There’s no denying that he’s hot. He’s helpless, and she likes running the show. She’s finally freaking out about her age. He must have an amazing dick. It’s a maternal thing, she should have had a child. She’s decided one of these guys is just like any other, why keep switching around? He’s hot, very hot. He must bore her to death. Does she know she looks ridiculous with him? She must be getting tired. Maybe he’s different when they’re alone.
“Twelve, eleven, ten …”
Ping says, “Where’s Liz?”
“On her way,” Andrew answers.
Foster is ready, he’s not a young thing anymore, I’ve loved him for so long. Why did I say that to Stephen, I’ve got to learn control. Tyler, where are you? Why did I say that, not young anymore, where are you?
“Nine, eight, seven …”
•
In the bedroom, Liz says to Barrett, “We’re not happy, are we, about finding drugs in Tyler’s drawer.”
“No. We’re not.”
“You going to talk to him about it?”
“Yeah, I guess. I mean, I have to, right?”

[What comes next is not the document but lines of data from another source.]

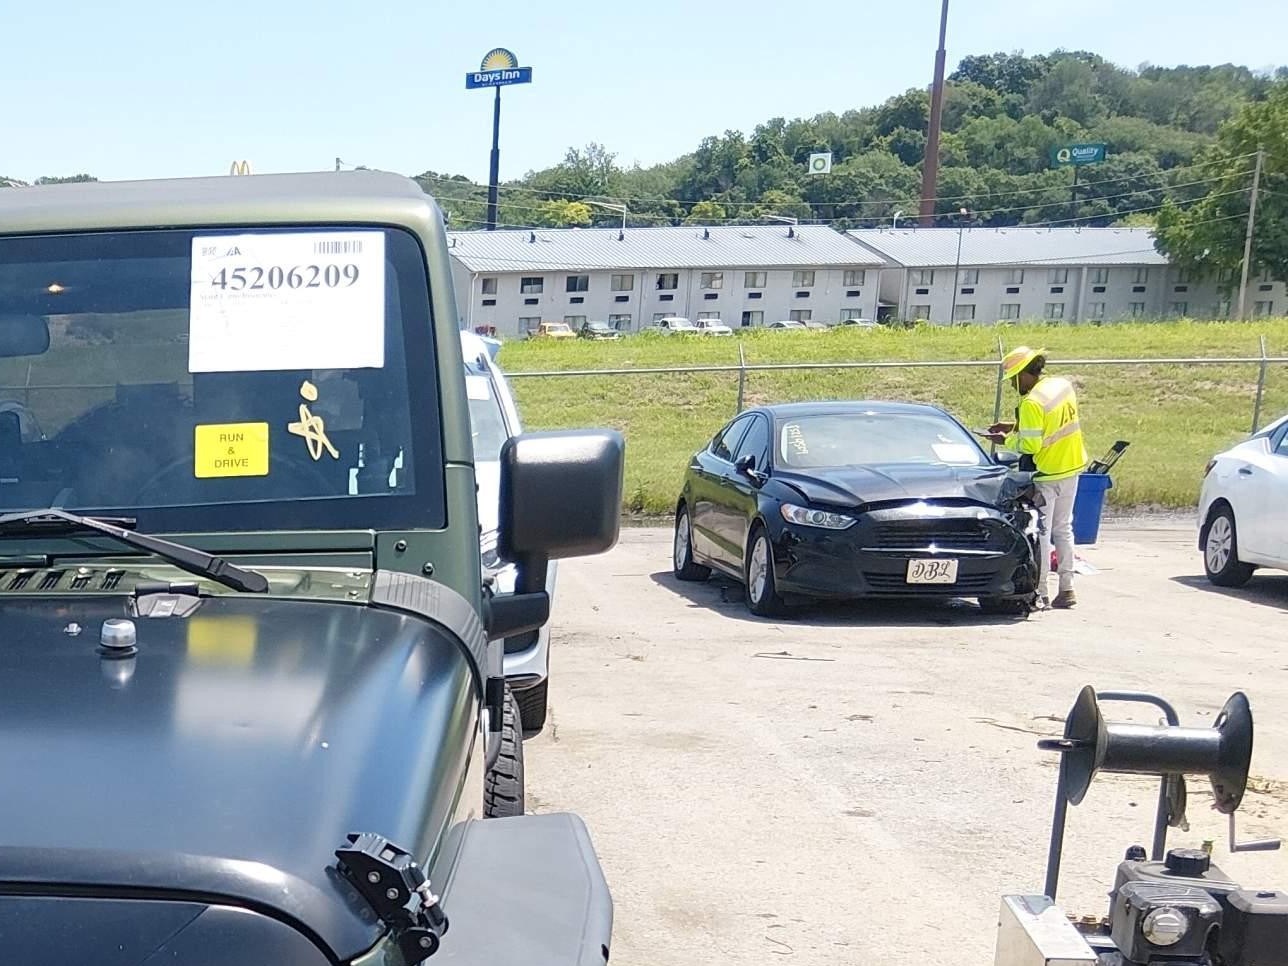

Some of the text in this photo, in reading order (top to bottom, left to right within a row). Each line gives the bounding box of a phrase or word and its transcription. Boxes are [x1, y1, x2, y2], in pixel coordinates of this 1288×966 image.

[474, 70, 520, 83] Days Inn
[1071, 146, 1099, 157] Quality
[211, 263, 360, 291] 45206209
[219, 433, 244, 443] RUN
[227, 446, 235, 455] &
[214, 458, 249, 469] DRIVE

“You’d be the one.” She huddles into herself, folds her arms over her chest.
“We both saw a light,” Barrett says. “You and I.”

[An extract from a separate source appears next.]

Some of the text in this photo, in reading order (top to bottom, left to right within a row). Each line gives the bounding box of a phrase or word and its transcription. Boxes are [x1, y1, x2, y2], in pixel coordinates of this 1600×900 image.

“An airplane. A little puff of cosmic gas.”
“I don’t think so.”
“What else could it have been?” she says.
“Six, five, four …”
“We should go in there,” she says.
“I know.”
They remain where they are.
“Three, two …”
Barrett gazes imploringly at Liz.
“One.”
•
Tyler and Beth kiss, ravenously. As they kiss, Tyler breathes into her and, at the same time, inhales her. They exchange some kind of potency, he can’t tell whether he’s kissing his own health into her or drawing her miraculously restored health into himself. It doesn’t matter. He decides it doesn’t matter. She’s molded to him, they’re here, it’s 2006.